Negli spogliatoi delle grandi squadre, convivere con tanti campioni non è mai semplice. L’enorme concentrazione di talento spesso si traduce in ego forti, personalità complesse e ambizioni individuali che possono entrare in conflitto con le dinamiche collettive. Ogni giocatore è arrivato a certi livelli perché abituato a essere protagonista, e accettare un ruolo secondario, o semplicemente più sacrificato, può generare tensioni sotterranee difficili da gestire.
L’allenatore ha un compito delicatissimo: non solo deve far coesistere stili e caratteristiche diverse in campo, ma deve anche mantenere l’equilibrio nello spogliatoio. La gestione dei rapporti personali diventa quasi importante quanto quella tattica. Un cambio di formazione, una sostituzione, una parola detta nel momento sbagliato possono essere letti come segnali di sfiducia e scatenare malumori. E quando lo status del giocatore coinvolto è altissimo, la situazione può diventare esplosiva.
Per questo motivo, molti tecnici preferiscono contare su leader carismatici all’interno del gruppo: figure che fanno da ponte tra allenatore e squadra, in grado di mediare e riportare serenità nei momenti più tesi. Ma anche tra leader può esserci rivalità, soprattutto quando si lotta per lo stesso posto o per la fascia da capitano. In questi contesti, il rischio che lo spogliatoio si spacchi è concreto.
Dietro a ogni grande squadra vincente c’è quasi sempre una gestione silenziosa ma efficace delle dinamiche interne. Perché non basta avere i migliori giocatori: bisogna farli convivere, accettare gerarchie e mettersi al servizio del gruppo.
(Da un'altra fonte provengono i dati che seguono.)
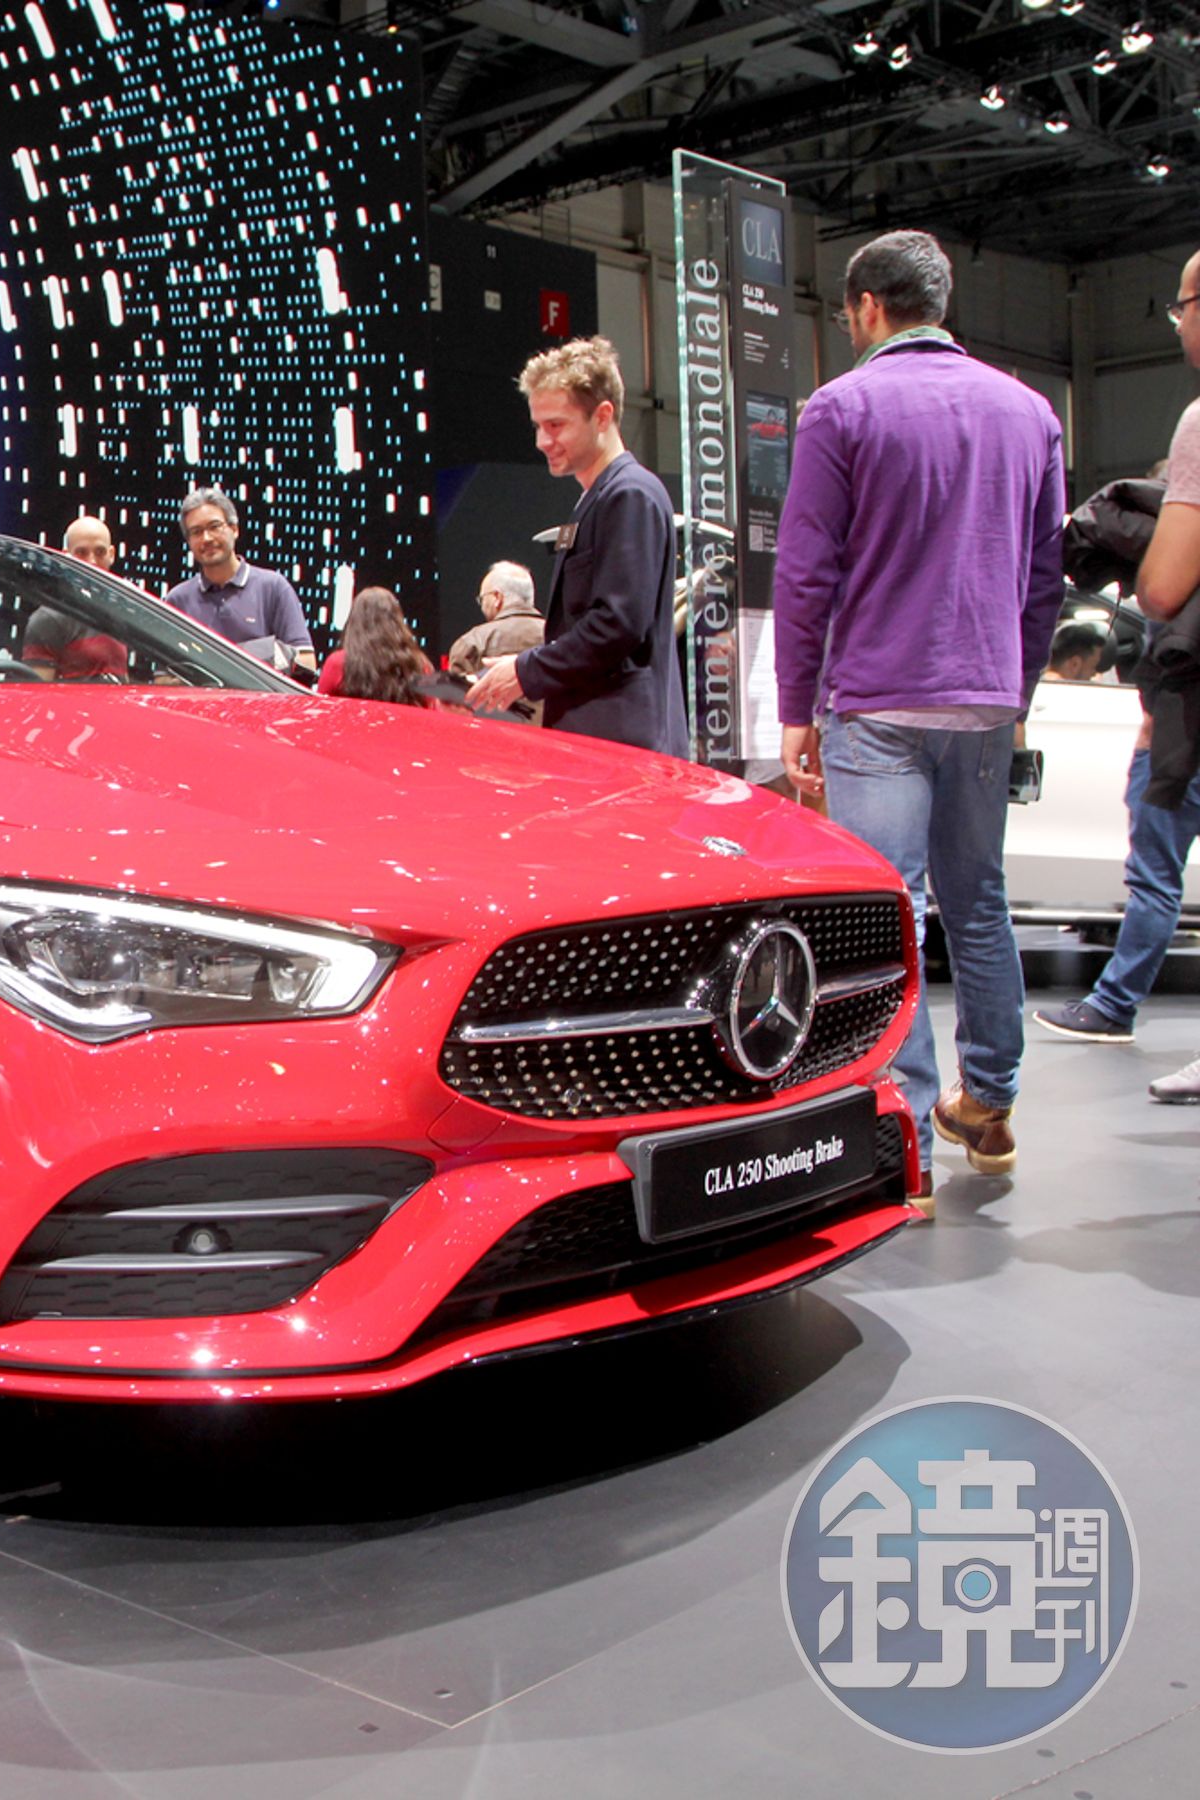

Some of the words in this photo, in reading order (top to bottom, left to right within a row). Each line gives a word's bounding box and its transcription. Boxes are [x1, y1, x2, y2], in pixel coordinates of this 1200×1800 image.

[742, 217, 782, 265] CLA
[547, 300, 561, 328] F
[687, 258, 725, 523] mondiale
[693, 542, 732, 764] remière
[704, 1166, 735, 1196] CLA
[737, 1157, 763, 1186] 250
[764, 1147, 814, 1180] Shooting
[815, 1135, 844, 1165] Brake
E questa, spesso, è la parte più difficile.
Sfottò in famiglia
Giovanni Simeone, soprannominato il Cholito, non perde occasione per stuzzicare simpaticamente suo padre Diego, storico tecnico dell’Atletico Madrid. Motivo del siparietto familiare? Il numero di scudetti. «Mi prendeva in giro l’altro giorno – ha raccontato Diego a La Nación – mi ha chiesto quanti scudetti avessi vinto, gli ho risposto “due”, e lui ha subito colto l’occasione per punzecchiarmi». Una rivalità scherzosa, giocata sul filo dell’ironia, che racconta il rapporto affettuoso tra padre e figlio.
Nonostante le battute, il Cholo non nasconde l’orgoglio nei confronti di Giovanni. La sua ammirazione va oltre il campo: «Sono un suo ammiratore per la sua nobiltà, la sensibilità e la compostezza». La fama di Giovanni al Napoli, secondo Diego, non dipende solo dai gol o dalle giocate, ma dalla sua presenza, dalla serietà con cui affronta ogni ruolo e situazione. Una personalità che ha lasciato un’impronta, come confermato anche da Tuttonapoli.net.
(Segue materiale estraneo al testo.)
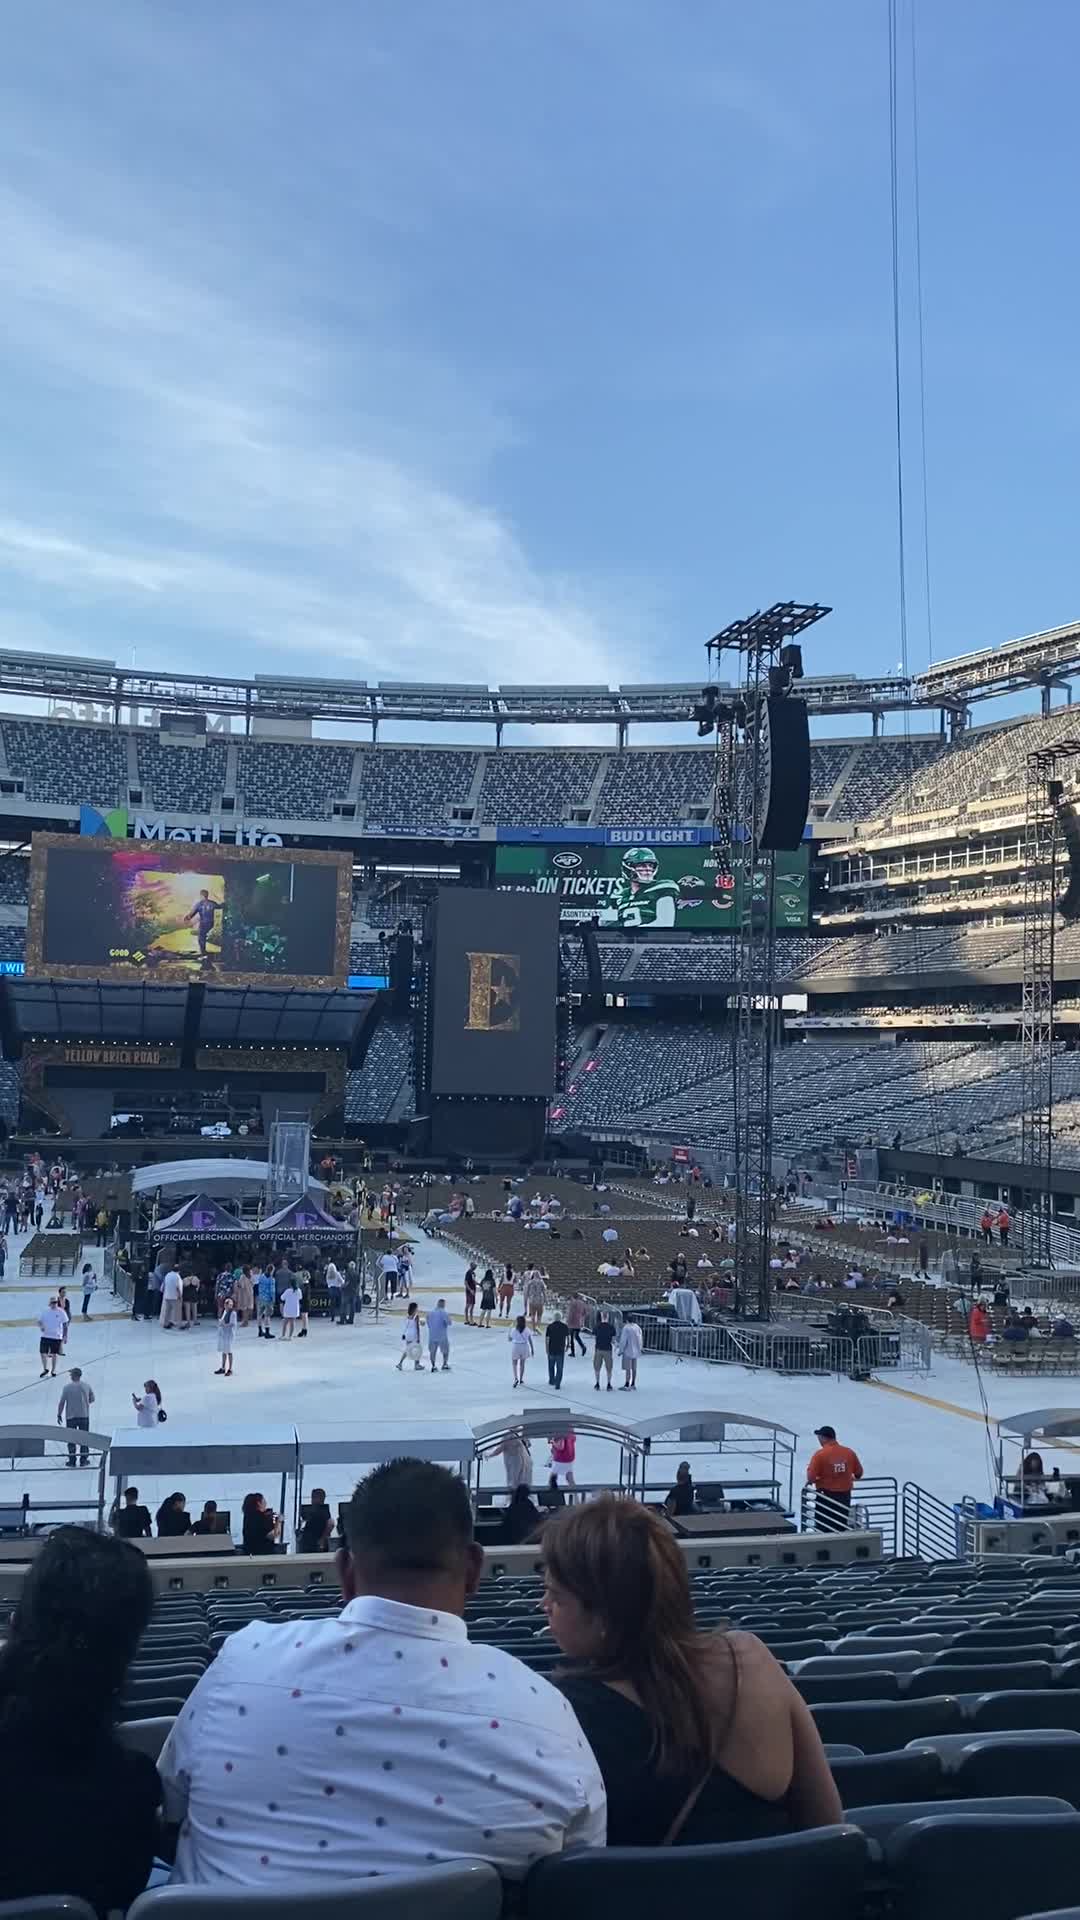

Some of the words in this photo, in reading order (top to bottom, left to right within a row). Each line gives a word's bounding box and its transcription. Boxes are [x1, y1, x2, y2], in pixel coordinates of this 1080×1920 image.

[134, 816, 284, 847] MetLife
[610, 830, 644, 842] BUD
[646, 830, 694, 842] LIGHT
[562, 877, 625, 895] TICKETS
[65, 1049, 100, 1063] YELLOW
[103, 1050, 131, 1064] BRICK
[133, 1051, 160, 1065] ROAD
[153, 1234, 191, 1242] OFFICIAL
[259, 1233, 297, 1241] OFFICIAL
[298, 1233, 355, 1241] MERCHANDISE
Un calciatore che vale più dei numeri
Per Simeone senior, il vero valore di un giocatore non si misura soltanto attraverso le statistiche: «Ci sono calciatori che non devono segnare 30 gol per essere determinanti». La disponibilità e la dedizione di Giovanni nel gruppo azzurro sono doti che vanno ben oltre il tabellino dei marcatori. Il suo impegno quotidiano, la prontezza e la serietà sono riconosciuti e rispettati da tutti.
Riflettendo sui successi ottenuti, Diego sottolinea come il ruolo del figlio nei due titoli conquistati sia stato più significativo di un semplice gol. «Sono orgoglioso di come ha superato le difficoltà. Gliel’ho detto chiaramente: la sua crescita, da dove è partito fino a dove è arrivato, vale più di qualsiasi cifra o trofeo».